▸ Spatial localization data
____

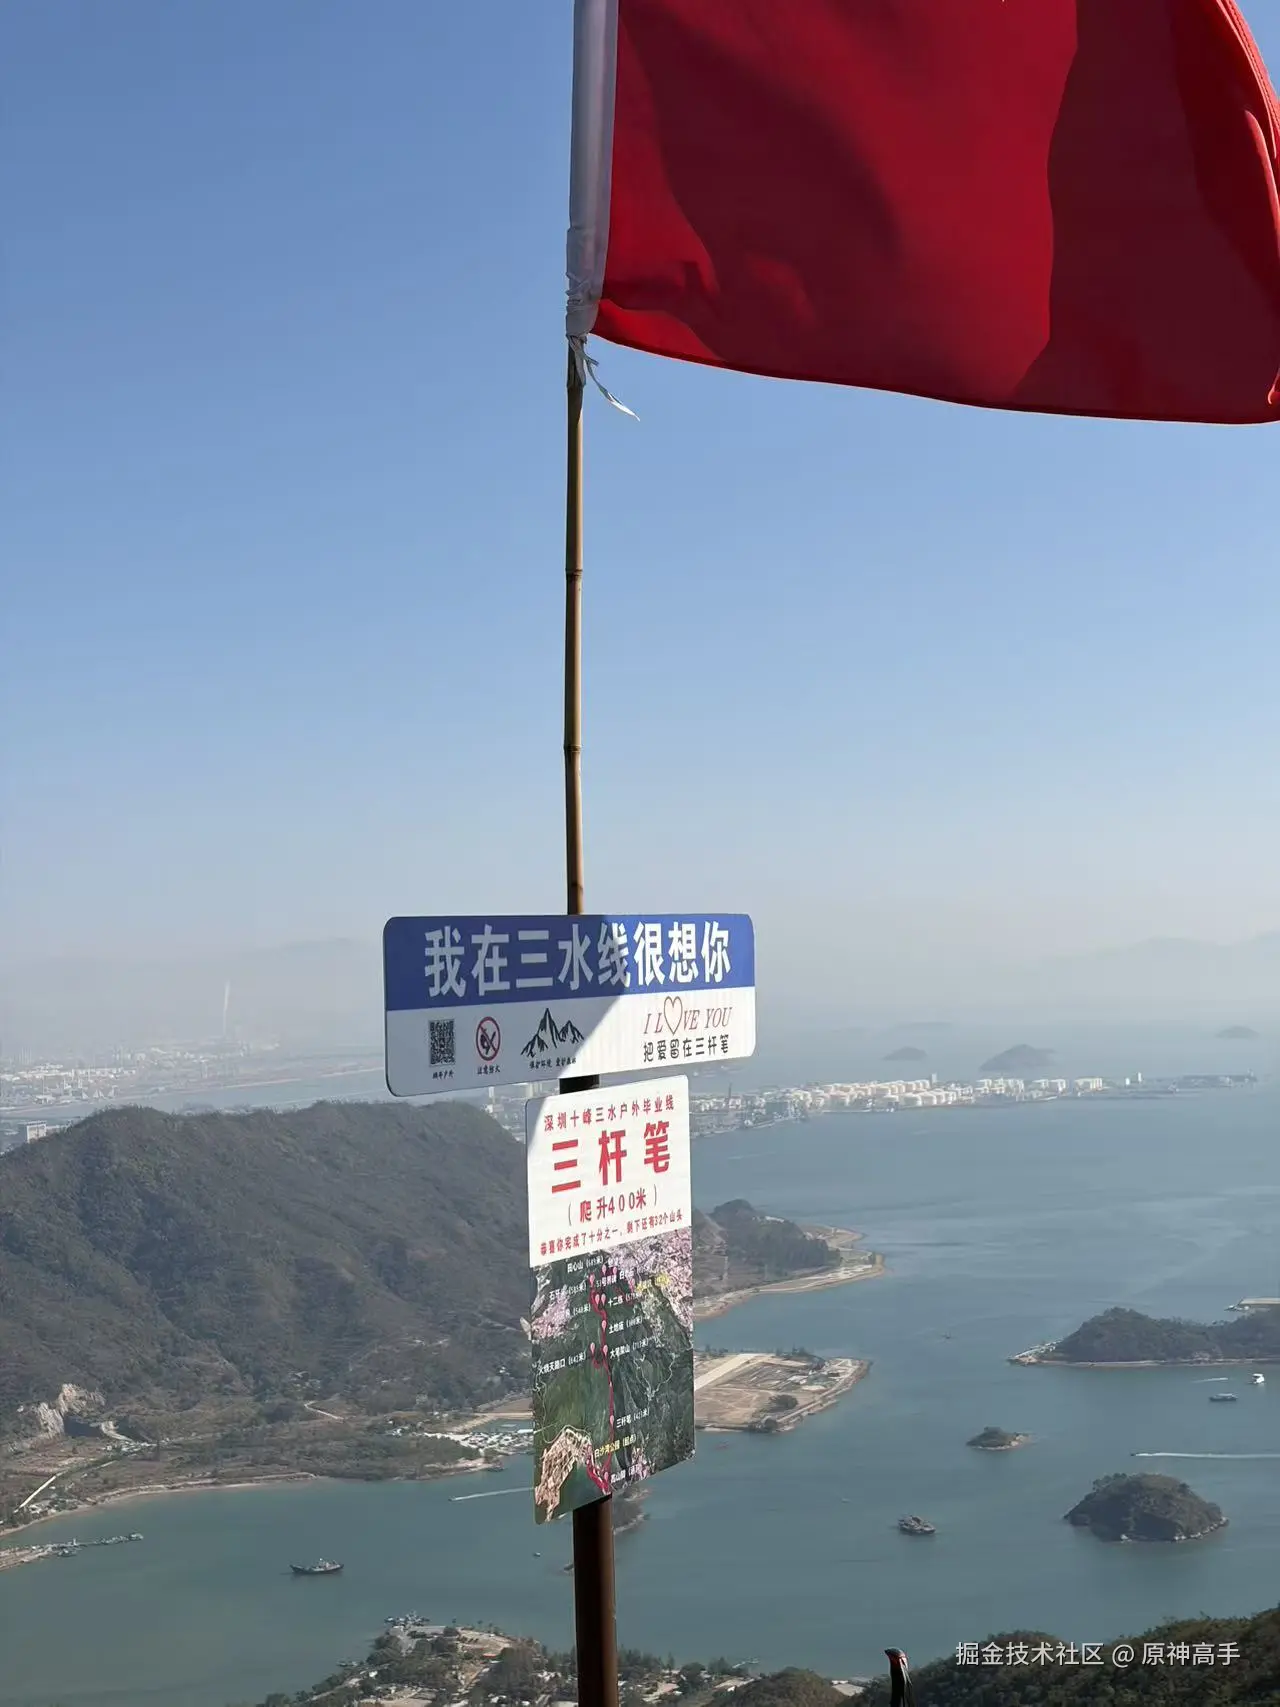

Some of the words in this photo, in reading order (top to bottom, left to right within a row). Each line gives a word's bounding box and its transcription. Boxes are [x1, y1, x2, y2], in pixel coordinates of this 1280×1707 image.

[425, 921, 731, 998] 我在三水线很想你
[643, 1013, 651, 1034] I
[704, 1006, 733, 1029] YOU
[643, 1034, 729, 1062] 把爱留在三杆笔
[544, 1094, 675, 1131] 深圳十峰三水户外毕业线
[552, 1120, 671, 1194] 三杆笔

____

▸ Your task
A verbatim copy of every record is required, with all pictures excluded.

▸ Task answer
Some of the words in this photo, in reading order (top to bottom, left to right within a row). Each line gives a word's bounding box and its transcription. Boxes are [x1, y1, x2, y2], in pixel coordinates of this 1280×1707 image.

[425, 921, 731, 998] 我在三水线很想你
[643, 1013, 651, 1034] I
[704, 1006, 733, 1029] YOU
[643, 1034, 729, 1062] 把爱留在三杆笔
[544, 1094, 675, 1131] 深圳十峰三水户外毕业线
[552, 1120, 671, 1194] 三杆笔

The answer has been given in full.